When Aubrey Graham stepped out of the wheelchair and tried his hand at rapping, he had to prove to hip-hop he wasn’t just an actor messing around with music like it was a weekly pottery class. This was back when “gatekeeping” still mattered. The journey into music for New Jersey streamer PlaqueBoyMax has been much smoother. Beyond the usual factors of relatability and charisma, Max has a semblance of taste, which the streaming world woefully lacks. On his streams, which routinely rack up tens of thousands of concurrent viewers, he’s helped put on a new generation of rappers like Lazer Dim 700 and Nino Paid by featuring them in online shows like “Song Wars,” where songs are pitted against each other in a bracket, with winners determined by a panel of judges. (The Fader’s Vivian Medithi aptly described it as “American Idol for the SoundCloud set.”)
Almost like an underground DJ Khaled, PlaqueBoyMax is good at assembling records by calling up his contacts, picking beats from his Discord community, and catching a vibe. As his platform has grown, he’s shown he can find common ground with virtually any guest, from Central Cee to Will Smith, like a late-night TV host. His music aptitude really comes into focus in his series “In The Booth,” where he engineers sessions in real time for rappers, meticulously punching them in, line by line, giving us unexpected collabs like the rapturous BabyChiefDoIt/Nino Paid song “Coolin.” Sure, streaming is altogether pretty uncool, a sign of male loneliness and the death rattle for traditional media, but if we have to live with it, I’ll take “Coolin” over Adin Ross kissing Donald Trump’s ass.
So what happens when Max himself starts rapping? That’s the question his debut solo mixtape, Five Forever, tries to answer. What is gleaned across these 13 songs is that surrounding yourself with cool people can only take you so far; at some point, you’ve gotta have something original to say, too.
Released on Zack Bia’s Field Trip Recordings, which, of course it is, Five Forever finds Max trying out different trending styles like he’s a character in GTA flipping through fits: He’s Ken Carson on “Sevan,” deep-voiced Carti on “Yacht,” Summrs on “Tank Davis.” None of it is remotely inspiring; none of it sticks to your brain. “Rockstar lifestyle, rockstar lifestyle, she tryna get drunk, she tryna get piped down,” he moans on “Rockstar,” lyrics you might find typed out by a fan in the YouTube comments of a Yeat type beat.

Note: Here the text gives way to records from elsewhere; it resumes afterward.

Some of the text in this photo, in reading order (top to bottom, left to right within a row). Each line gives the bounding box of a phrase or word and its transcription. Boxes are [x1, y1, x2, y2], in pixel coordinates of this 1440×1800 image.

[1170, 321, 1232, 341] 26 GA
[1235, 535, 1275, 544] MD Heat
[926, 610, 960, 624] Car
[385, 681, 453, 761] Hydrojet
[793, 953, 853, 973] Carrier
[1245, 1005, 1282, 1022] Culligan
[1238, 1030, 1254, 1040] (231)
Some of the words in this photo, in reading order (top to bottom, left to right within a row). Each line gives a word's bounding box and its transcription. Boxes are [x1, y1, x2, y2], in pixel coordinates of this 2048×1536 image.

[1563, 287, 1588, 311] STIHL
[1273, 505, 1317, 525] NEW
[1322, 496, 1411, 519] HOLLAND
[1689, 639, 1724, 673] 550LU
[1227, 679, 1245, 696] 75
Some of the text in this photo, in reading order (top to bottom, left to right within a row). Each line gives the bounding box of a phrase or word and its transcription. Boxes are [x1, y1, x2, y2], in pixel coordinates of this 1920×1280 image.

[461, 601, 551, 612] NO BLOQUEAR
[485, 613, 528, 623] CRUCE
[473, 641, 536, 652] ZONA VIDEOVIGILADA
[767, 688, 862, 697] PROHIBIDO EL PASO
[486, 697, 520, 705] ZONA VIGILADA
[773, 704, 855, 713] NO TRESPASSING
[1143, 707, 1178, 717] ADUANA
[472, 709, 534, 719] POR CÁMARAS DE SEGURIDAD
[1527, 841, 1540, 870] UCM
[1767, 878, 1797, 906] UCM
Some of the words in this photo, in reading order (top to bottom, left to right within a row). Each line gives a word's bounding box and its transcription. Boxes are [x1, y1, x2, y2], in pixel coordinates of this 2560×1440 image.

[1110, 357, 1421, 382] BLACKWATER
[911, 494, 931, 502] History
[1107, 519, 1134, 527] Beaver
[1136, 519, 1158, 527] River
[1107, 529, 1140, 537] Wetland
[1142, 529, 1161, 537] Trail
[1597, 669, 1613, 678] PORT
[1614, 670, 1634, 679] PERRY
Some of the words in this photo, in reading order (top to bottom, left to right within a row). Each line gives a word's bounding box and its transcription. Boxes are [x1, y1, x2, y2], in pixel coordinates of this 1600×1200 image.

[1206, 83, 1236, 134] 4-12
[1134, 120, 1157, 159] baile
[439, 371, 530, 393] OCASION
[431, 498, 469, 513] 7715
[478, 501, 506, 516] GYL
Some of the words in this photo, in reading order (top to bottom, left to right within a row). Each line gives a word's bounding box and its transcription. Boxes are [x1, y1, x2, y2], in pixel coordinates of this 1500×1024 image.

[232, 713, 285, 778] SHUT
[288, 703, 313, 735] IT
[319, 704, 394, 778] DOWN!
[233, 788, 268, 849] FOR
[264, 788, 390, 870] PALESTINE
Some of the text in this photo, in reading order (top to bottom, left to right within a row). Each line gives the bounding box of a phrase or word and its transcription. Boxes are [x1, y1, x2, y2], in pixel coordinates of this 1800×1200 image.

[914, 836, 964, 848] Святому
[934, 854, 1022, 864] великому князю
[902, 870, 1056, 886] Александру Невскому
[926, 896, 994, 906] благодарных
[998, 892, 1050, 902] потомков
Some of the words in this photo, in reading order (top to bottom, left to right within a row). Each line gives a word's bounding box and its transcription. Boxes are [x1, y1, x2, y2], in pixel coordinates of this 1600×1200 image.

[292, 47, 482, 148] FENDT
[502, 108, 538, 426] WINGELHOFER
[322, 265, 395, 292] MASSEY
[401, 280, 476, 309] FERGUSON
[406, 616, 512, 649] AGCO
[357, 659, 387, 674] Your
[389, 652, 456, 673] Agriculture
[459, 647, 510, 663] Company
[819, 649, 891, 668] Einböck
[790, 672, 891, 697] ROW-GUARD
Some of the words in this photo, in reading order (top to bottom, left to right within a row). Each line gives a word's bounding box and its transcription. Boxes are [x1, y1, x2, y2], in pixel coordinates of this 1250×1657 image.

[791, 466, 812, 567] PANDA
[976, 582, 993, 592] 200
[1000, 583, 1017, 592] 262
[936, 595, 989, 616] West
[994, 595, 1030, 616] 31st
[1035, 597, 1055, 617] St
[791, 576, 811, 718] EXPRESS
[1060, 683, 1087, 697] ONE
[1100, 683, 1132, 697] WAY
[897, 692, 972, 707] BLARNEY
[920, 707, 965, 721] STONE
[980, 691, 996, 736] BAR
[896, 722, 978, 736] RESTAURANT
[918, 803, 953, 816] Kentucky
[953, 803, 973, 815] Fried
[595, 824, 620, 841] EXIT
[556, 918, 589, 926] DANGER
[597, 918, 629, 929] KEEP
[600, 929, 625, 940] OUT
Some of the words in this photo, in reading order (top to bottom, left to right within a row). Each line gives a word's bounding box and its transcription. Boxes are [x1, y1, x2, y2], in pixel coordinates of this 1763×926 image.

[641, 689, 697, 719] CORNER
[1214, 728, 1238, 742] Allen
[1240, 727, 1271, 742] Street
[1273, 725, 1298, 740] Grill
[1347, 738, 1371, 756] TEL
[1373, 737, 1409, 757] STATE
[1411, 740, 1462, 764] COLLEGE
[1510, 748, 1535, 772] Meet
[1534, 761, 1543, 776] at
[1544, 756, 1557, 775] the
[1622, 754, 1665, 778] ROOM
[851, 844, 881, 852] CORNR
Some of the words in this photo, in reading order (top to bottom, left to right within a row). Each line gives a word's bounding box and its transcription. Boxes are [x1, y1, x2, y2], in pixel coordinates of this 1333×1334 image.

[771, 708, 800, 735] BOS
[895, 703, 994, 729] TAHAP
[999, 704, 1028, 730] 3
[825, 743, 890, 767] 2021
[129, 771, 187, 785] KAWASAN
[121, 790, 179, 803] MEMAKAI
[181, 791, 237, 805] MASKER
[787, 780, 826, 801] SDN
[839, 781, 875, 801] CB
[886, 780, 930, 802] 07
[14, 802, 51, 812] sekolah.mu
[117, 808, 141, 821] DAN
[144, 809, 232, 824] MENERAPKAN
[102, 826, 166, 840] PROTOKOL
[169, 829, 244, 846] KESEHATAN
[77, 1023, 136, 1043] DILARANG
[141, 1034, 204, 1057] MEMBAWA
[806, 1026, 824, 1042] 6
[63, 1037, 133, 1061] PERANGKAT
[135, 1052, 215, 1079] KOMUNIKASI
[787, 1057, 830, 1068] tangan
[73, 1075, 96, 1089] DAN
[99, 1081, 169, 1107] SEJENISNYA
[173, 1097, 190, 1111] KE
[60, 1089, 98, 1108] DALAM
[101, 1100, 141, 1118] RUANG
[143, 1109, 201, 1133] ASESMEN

It’s a shame, you’d think he’d learn a thing or two from hanging out with funny and inventive rappers like Lazer Dim 700, but this music hits like a slat of plywood. The subject matter is late nights at the club and the millions he’s made off sitting in front of a computer, but he sounds totally uninterested in any of it. That can be cool if you’re trying to flex how regular it is (see: Veeze or Jay-Z), but Max sounds more like he’s falling asleep.
He’s got a good ear for beats, but Max could tap into his network of producers even more. If we are to believe that streamers are supposed to be these larger-than-life entertainers, then their art should at least have some of that personality. Why isn’t PlaqueBoyMax really leaning into the hardest, strangest beats coming out of the underground? He needs to take a page from the book of iShowSpeed, whose harebrained experiments with baile funk as a streamer-turned-rapper feel like a musical parallel to his fish-out-of-water international travels. The most fun this thing gets is the rambunctious bounce of “Paid For,” but, then again, how do you mess up a bounce track? Instead of channeling the spontaneity and creative bursts of his streams, Five Forever drifts into the miserable grey waters of music that you wouldn’t turn off, but you would probably never turn on.
A few weeks ago, a 38-year-old Drake gave the commencement speech at the awards ceremony for Streamer University, Kai Cenat’s wild idea to invite 150 up-and-coming streamers and influencers to a weekend of classes at the University of Akron taught by luminaries like Duke Dennis and others. “It’s my belief that the individuals that attended this program and that are sitting watching this video are the next shift in media,” he said in a pre-recorded video, comparing their plight of being ridiculed to the reality TV stars of yore who now rule the world. If this is true, we might be in for a new overload of uncool, and a new generation of amorphous artist-streamer-entertainer “Guys,” characters in a constantly expanding online universe, whose main goal is to infiltrate your algorithm and capture your attention using every avenue possible. Now, kids everywhere are reaching for PlaqueBoyMax’s faux-Opium schlock on Spotify as they might for a Feastables at Walmart for the simple fact that they trust content creators who burn holes into their retinas more than faceless corporations. What’s ironic about that is you’d be hard-pressed to find a popular rap record more mind-numbingly anonymous this year.